»Monstermauern, Mumien und Mysterien«
von Walter-Jörg Langbein
Foto 1: Spukt es in Kuelap? |
»Völlig erschöpft erreicht ich die mysteriöse Ruine der einstigen Metropole der Chachapoyas. Es war kalt. Die Luft war – kein Wunder, bei einer Höhe von 3.000 Metern über dem Meeresspiegel – natürlich sehr dünn. Jeder Atemzug tat weh. Plötzlich war ich in Nebel getaucht. Oder waren es dichte Wolken? Eben noch hatte ich die gewaltige Mauer von Kuelap in greifbarer Nähe gesehen. Jetzt war sie verschwunden! Eben war mir noch angenehm, von der Temperatur her. Und jetzt war mir kalt.«
Foto 2: Ingeborg Diekmann |
So schilderte mir Archäologie-Student Werner Kaiser (1) seinen Besuch in Kuelap. Nach einem Diavortrag über »Peru und seine Geheimnisse« waren wir ins Gespräch gekommen. Ich hatte auch über meinen Besuch in Kuelap berichtet.
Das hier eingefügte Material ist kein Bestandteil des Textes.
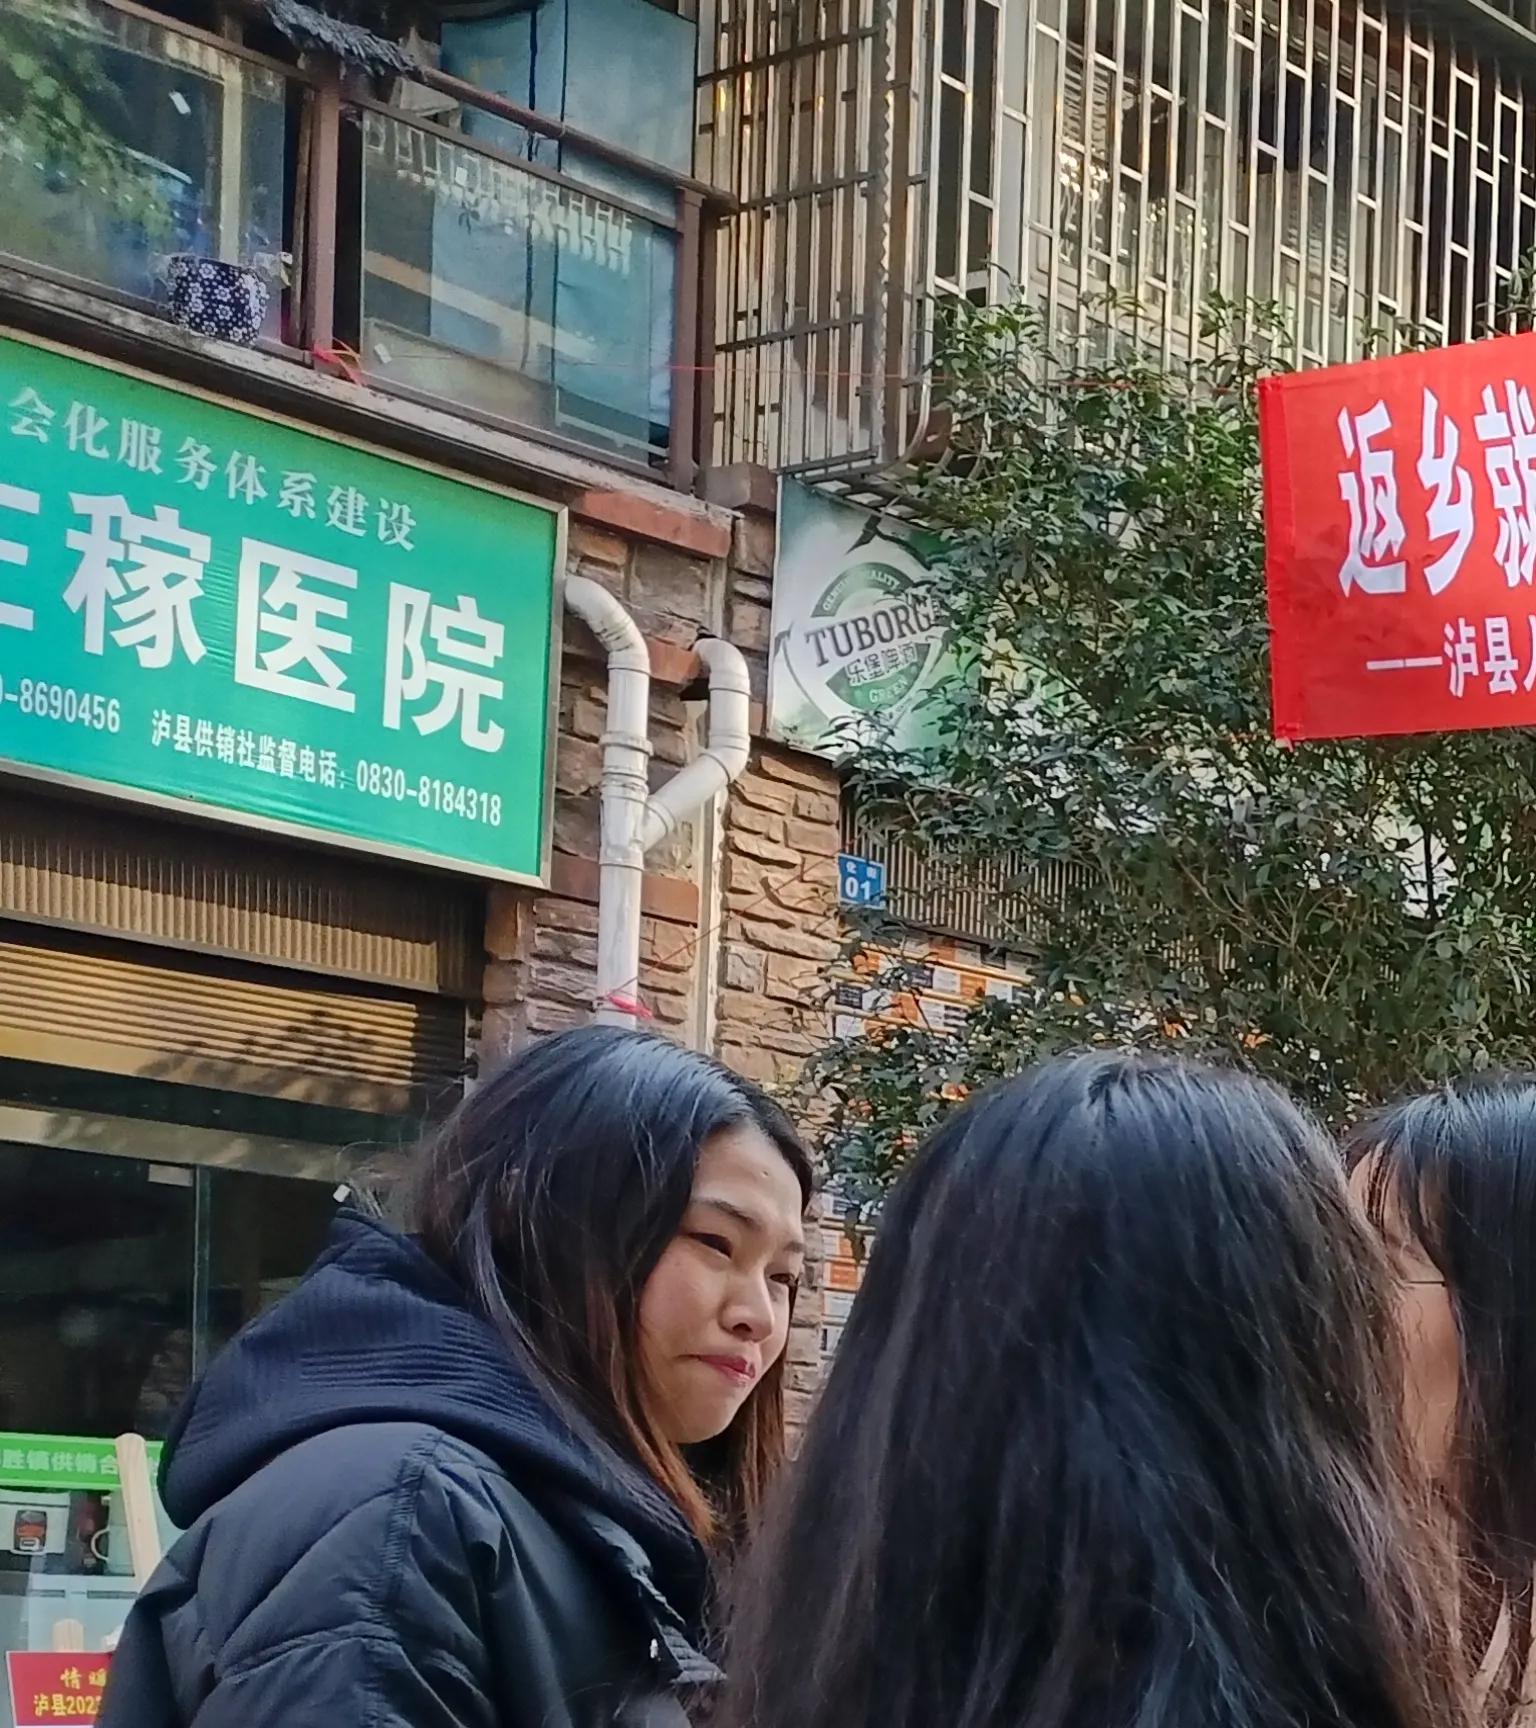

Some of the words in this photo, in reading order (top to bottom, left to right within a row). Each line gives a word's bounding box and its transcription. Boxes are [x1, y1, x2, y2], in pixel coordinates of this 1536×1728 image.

[9, 386, 419, 553] 会化服务体系建设
[33, 1693, 102, 1718] 泸县202
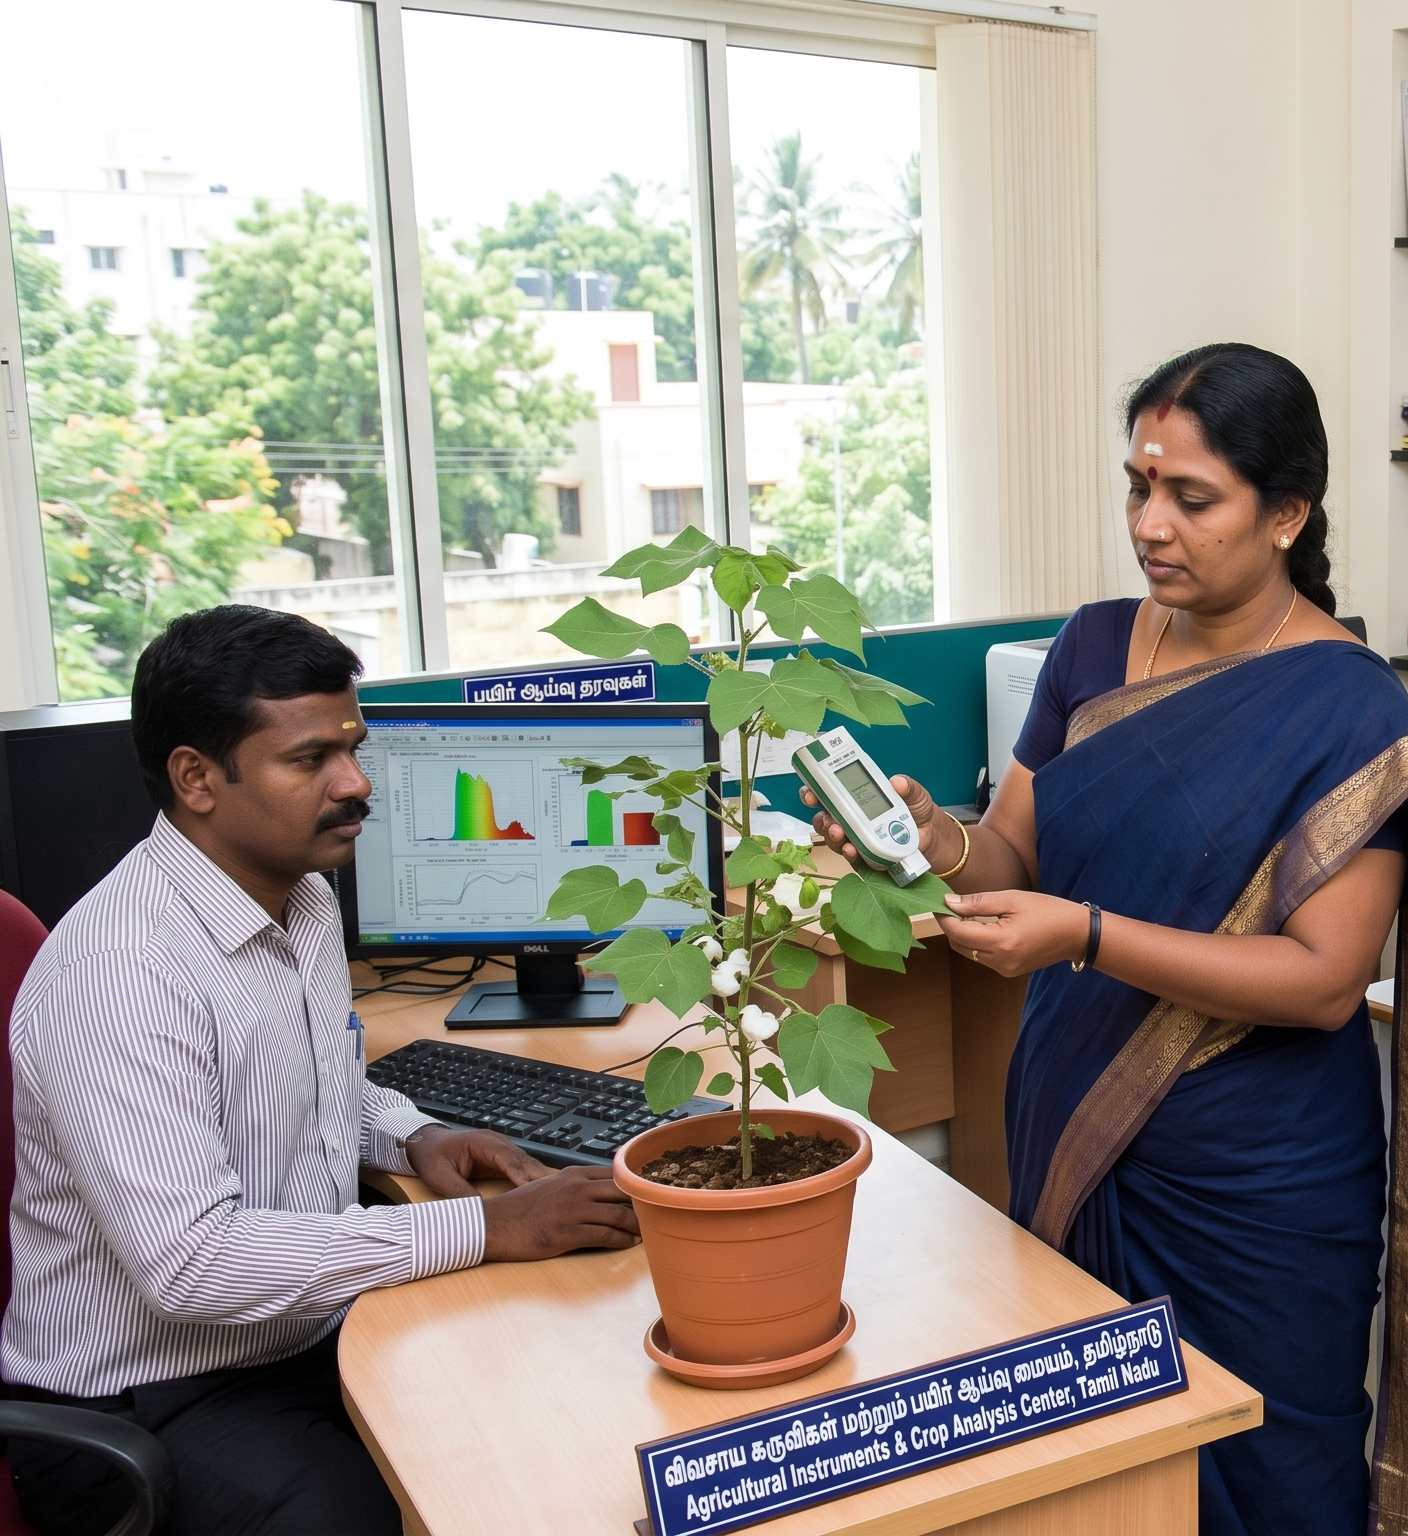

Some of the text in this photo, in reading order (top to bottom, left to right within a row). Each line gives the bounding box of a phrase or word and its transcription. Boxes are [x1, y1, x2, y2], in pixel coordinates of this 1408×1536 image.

[473, 669, 648, 703] பயிர் ஆய்வு தரவுகள்
[523, 945, 550, 953] DELL
[664, 1318, 1163, 1488] விவசாய கருவிகள் மற்றும் பயிர் ஆய்வு மையம், தமிழ்நாடு
[687, 1356, 1160, 1522] Agricultural Instruments & Crop Analysis Center, Tamil Nadu
Tagelang habe ich mich vor Ort aufgehalten. Ich bin außen die Monstermauer abgeschritten. Ich habe die schmalen Ein- und Ausgänge studiert wie steinerne Bücher. Steile Treppen führen durch hohe, schmale, künstlich geschaffene Spalten durch die Monstermauer in das Innere der wehrhaften Stadt. (Foto 2, links: Ingeborg Diekmann hat einen der engen Eingänge fast durchschritten.)
Türen oder Tore waren nicht erforderlich. Es genügten wenige
Verteidiger, die jedes Eindringen unmöglich machen konnten. Von oben
wurden die Feinde mit Steinen beworfen. Tödlich getroffen sanken sie
nieder, versperrten mit ihren Körpern nachrückenden Kämpfern den Weg.
Auf breiter Front konnte nicht angegriffen werden. Nur wenige Krieger
konnten sich gleichzeitig durch die schmalen Zugänge zwängen. Und die,
die den Steinhagel überstanden, konnten im Kampf Mann gegen Mann besiegt
werden. Ein riesiges Heer war also nutzlos, da immer nur wenige
zugleich versuchen konnten, in die Stadt einzudringen. Die Monstermauer
war viel zu hoch, als dass sie hätte schnell erklommen werden können.
Wenn das jemand versuchen wollte, konnte er von oben mit Steinhagel
eingedeckt werden.
Ob die Inka Kuelap je eingenommen haben? Oder wurde die Stadt warum auch immer aufgegeben? Fiel sie durch Verrat?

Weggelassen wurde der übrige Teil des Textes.